• **Work item**
What is needed is a word-for-word copy of the listing below, without pictures.

• **Exercise inputs**
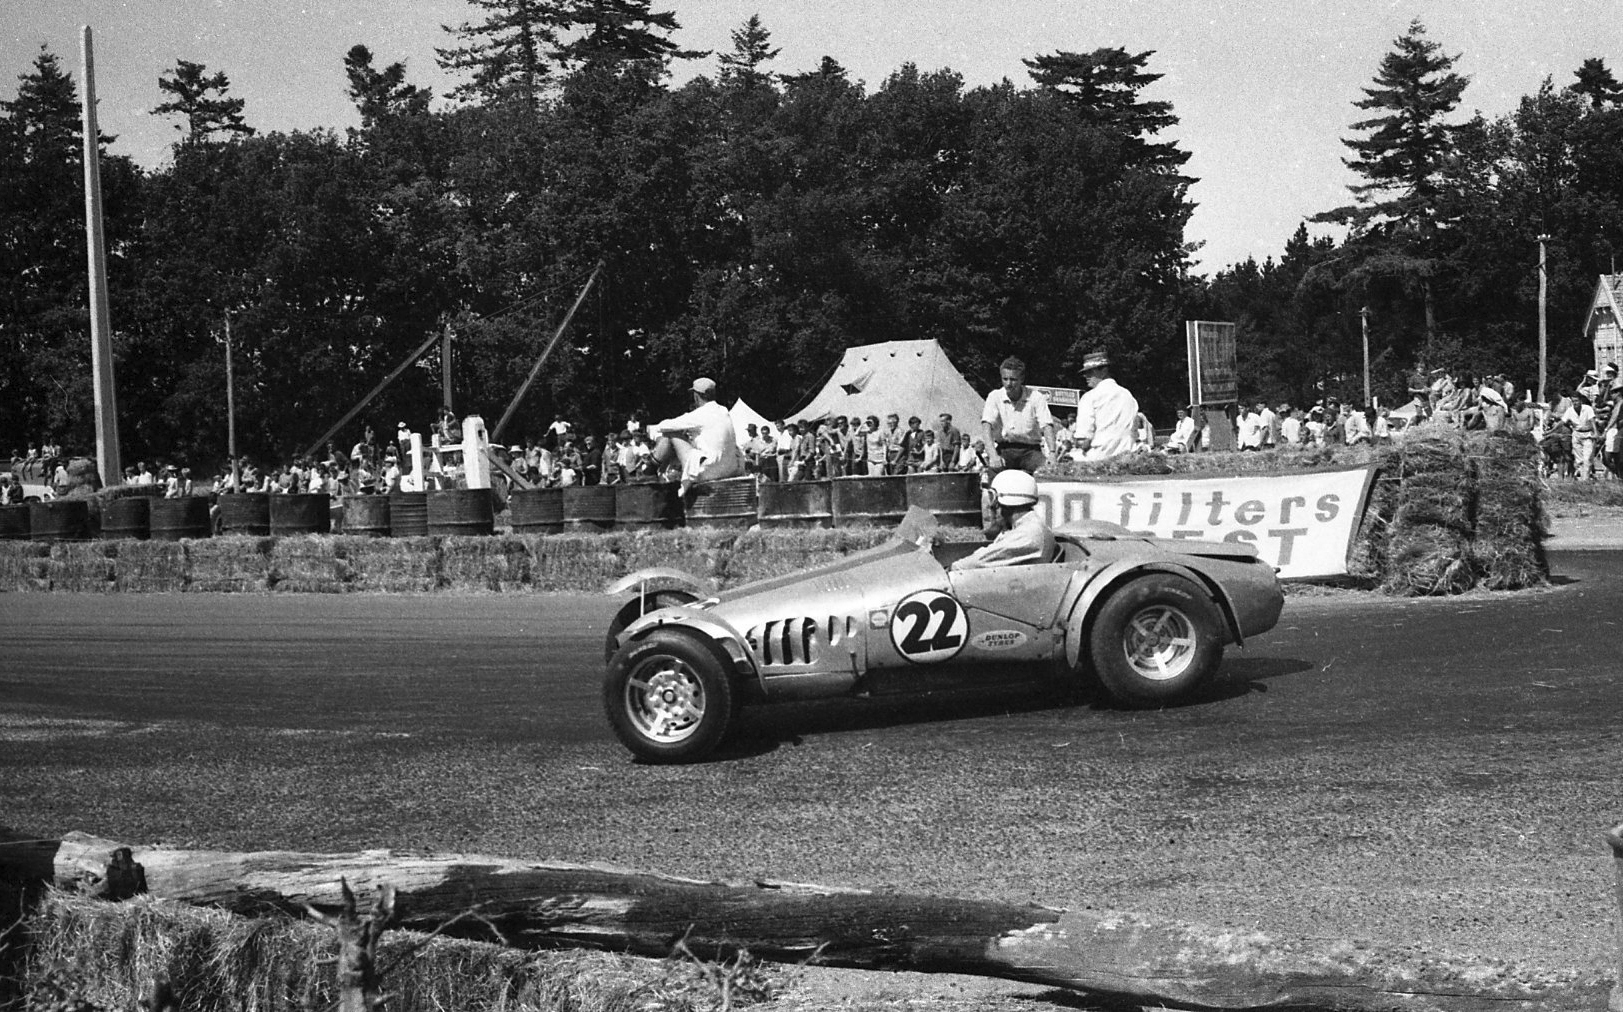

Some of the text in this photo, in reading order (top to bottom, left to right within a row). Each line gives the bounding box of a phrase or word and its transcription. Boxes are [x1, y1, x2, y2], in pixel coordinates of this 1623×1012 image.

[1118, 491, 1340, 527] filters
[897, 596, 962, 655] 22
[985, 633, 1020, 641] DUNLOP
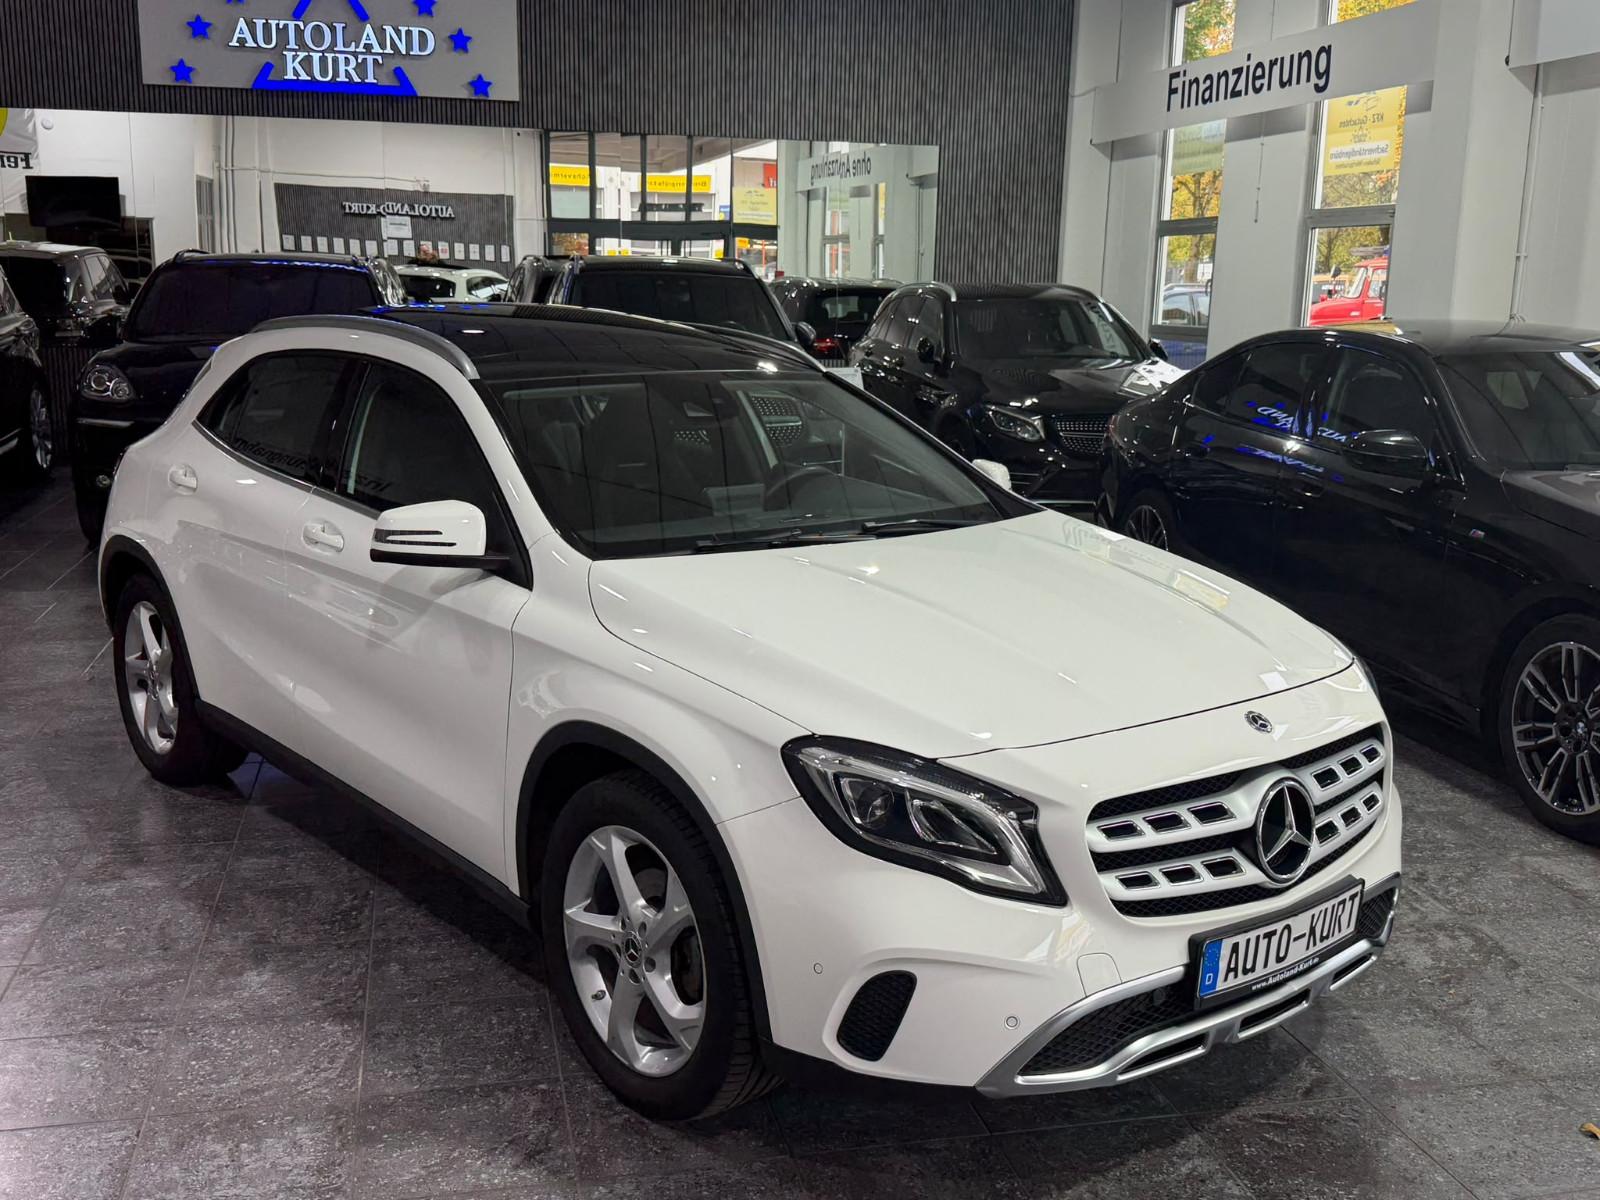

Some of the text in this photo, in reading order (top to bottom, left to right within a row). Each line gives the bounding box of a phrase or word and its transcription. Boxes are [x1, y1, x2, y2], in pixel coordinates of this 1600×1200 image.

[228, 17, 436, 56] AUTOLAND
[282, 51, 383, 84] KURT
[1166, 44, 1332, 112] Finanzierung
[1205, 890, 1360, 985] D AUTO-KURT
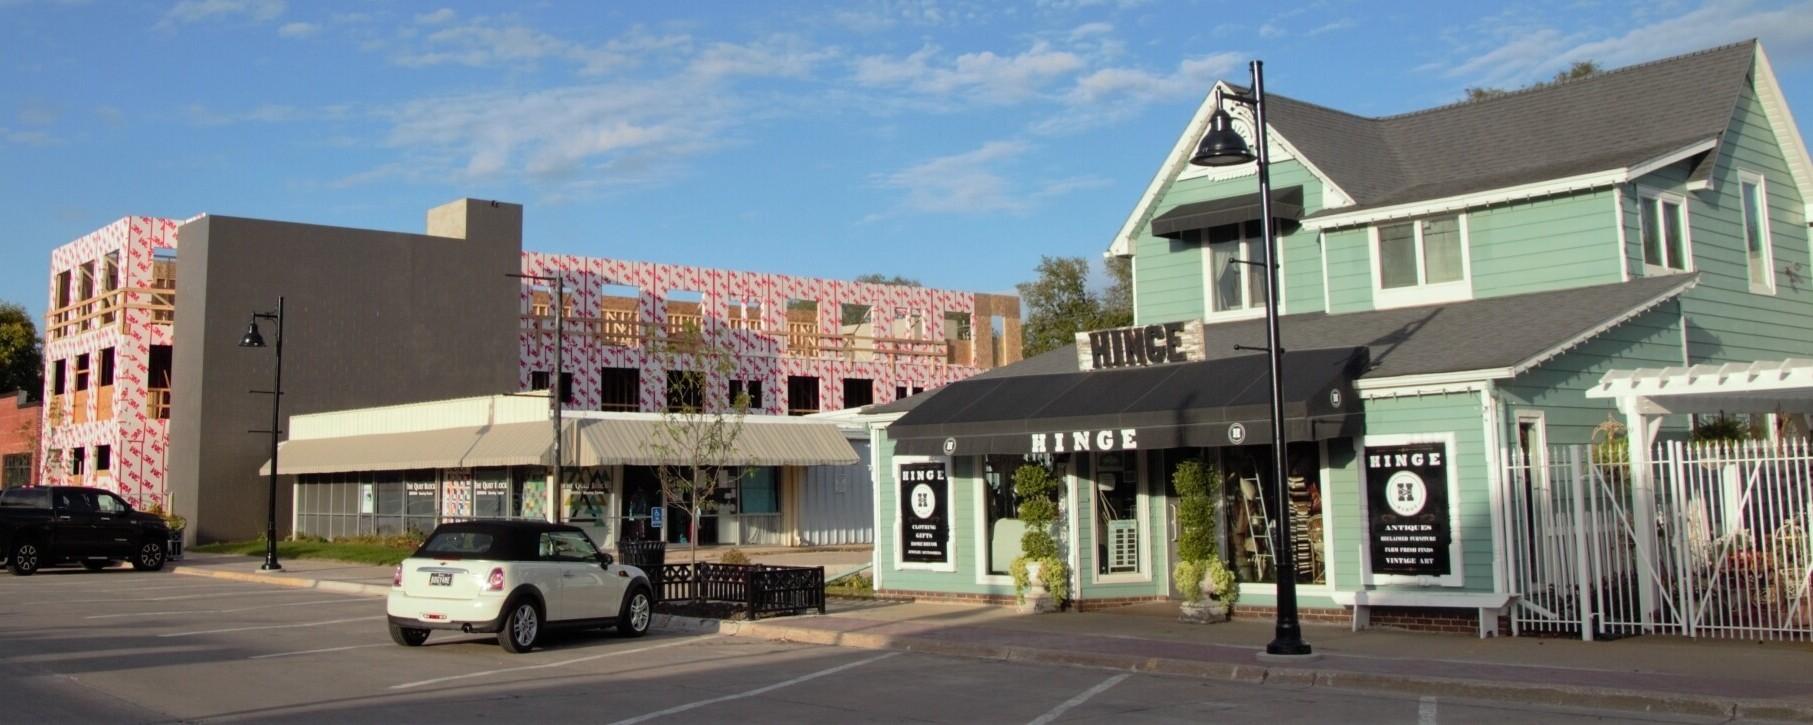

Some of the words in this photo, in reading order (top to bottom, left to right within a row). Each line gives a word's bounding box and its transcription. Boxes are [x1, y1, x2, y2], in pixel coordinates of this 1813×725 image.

• **Response box**
Some of the text in this photo, in reading order (top to bottom, left to right within a row). Each line gives the bounding box of a phrase or word and its transcription. Boxes are [x1, y1, x2, y2], in pixel coordinates of this 1623×1012 image.

[1118, 491, 1340, 527] filters
[897, 596, 962, 655] 22
[985, 633, 1020, 641] DUNLOP

Some of the text in this photo, in reading order (top to bottom, left to right within a row). Each line gives the bounding box of a phrase or word and its transcription. Boxes are [x1, y1, x2, y2], in pixel coordinates of this 1600×1200 image.

[228, 17, 436, 56] AUTOLAND
[282, 51, 383, 84] KURT
[1166, 44, 1332, 112] Finanzierung
[1205, 890, 1360, 985] D AUTO-KURT

Some of the words in this photo, in reading order (top to bottom, left to right within a row). Each line gives a word's bounding box and its transcription. Boxes are [x1, y1, x2, y2], in pixel coordinates of this 1813×725 image.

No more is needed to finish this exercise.